(Extracted data entries)
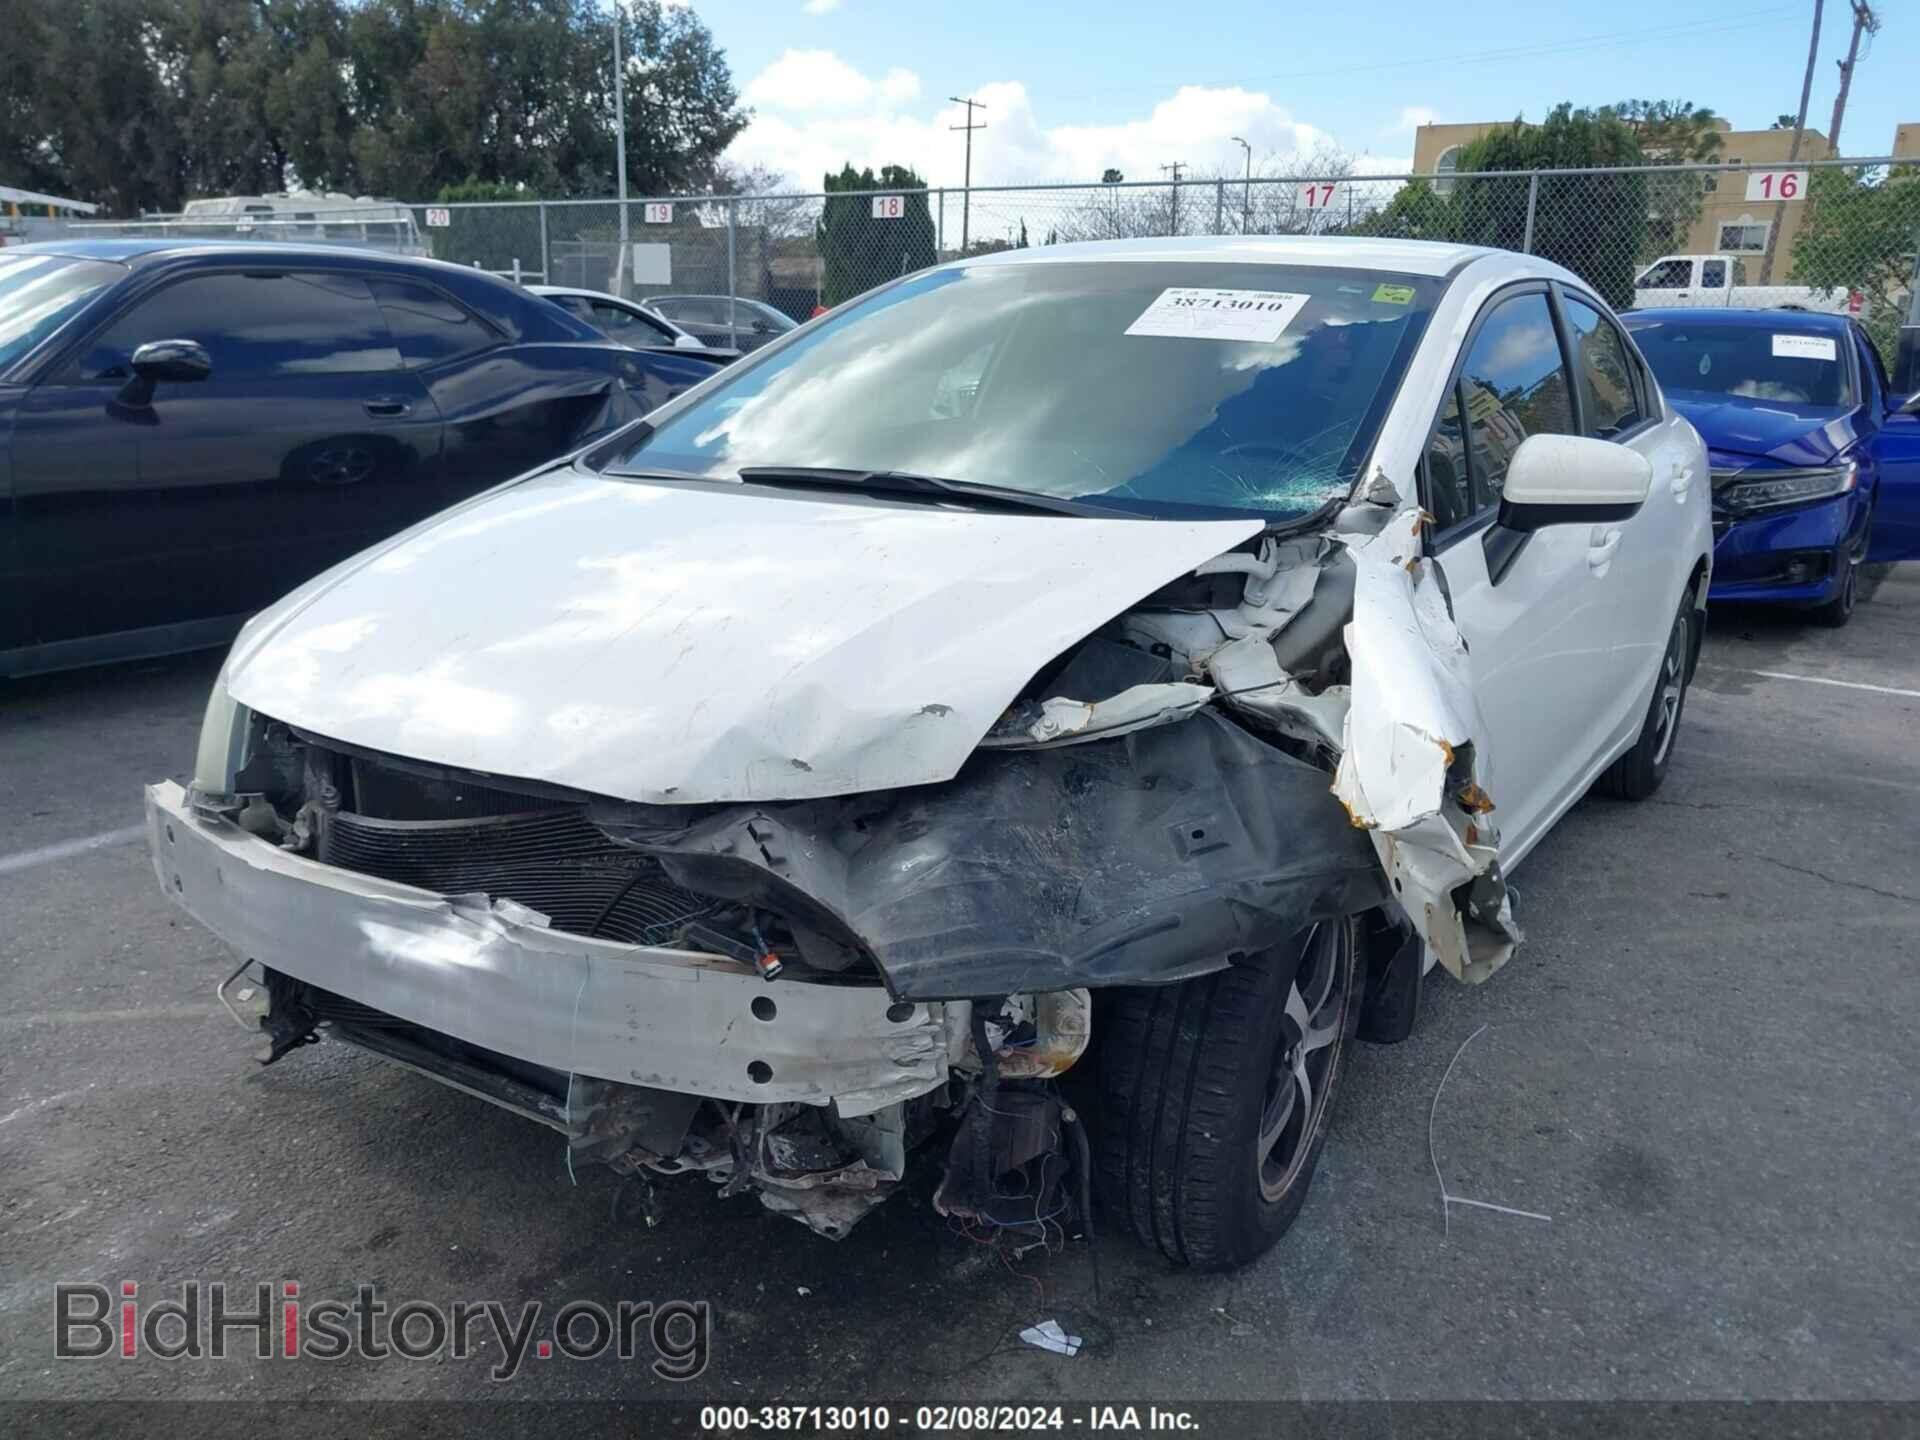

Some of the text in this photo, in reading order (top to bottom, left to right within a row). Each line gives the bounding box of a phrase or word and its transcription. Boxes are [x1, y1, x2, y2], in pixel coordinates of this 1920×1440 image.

[1760, 174, 1798, 199] 16
[1306, 185, 1335, 207] 17
[650, 205, 668, 221] 19
[879, 198, 898, 216] 18
[430, 210, 446, 224] 20
[1167, 297, 1283, 312] 38713010

- EXERCISE -
Please return the records above exactly as written, dropping every picture.

- WRITTEN SOLUTION -
Some of the text in this photo, in reading order (top to bottom, left to right within a row). Each line gives the bounding box of a phrase or word and its transcription. Boxes are [x1, y1, x2, y2], in pixel coordinates of this 1920×1440 image.

[1760, 174, 1798, 199] 16
[1306, 185, 1335, 207] 17
[650, 205, 668, 221] 19
[879, 198, 898, 216] 18
[430, 210, 446, 224] 20
[1167, 297, 1283, 312] 38713010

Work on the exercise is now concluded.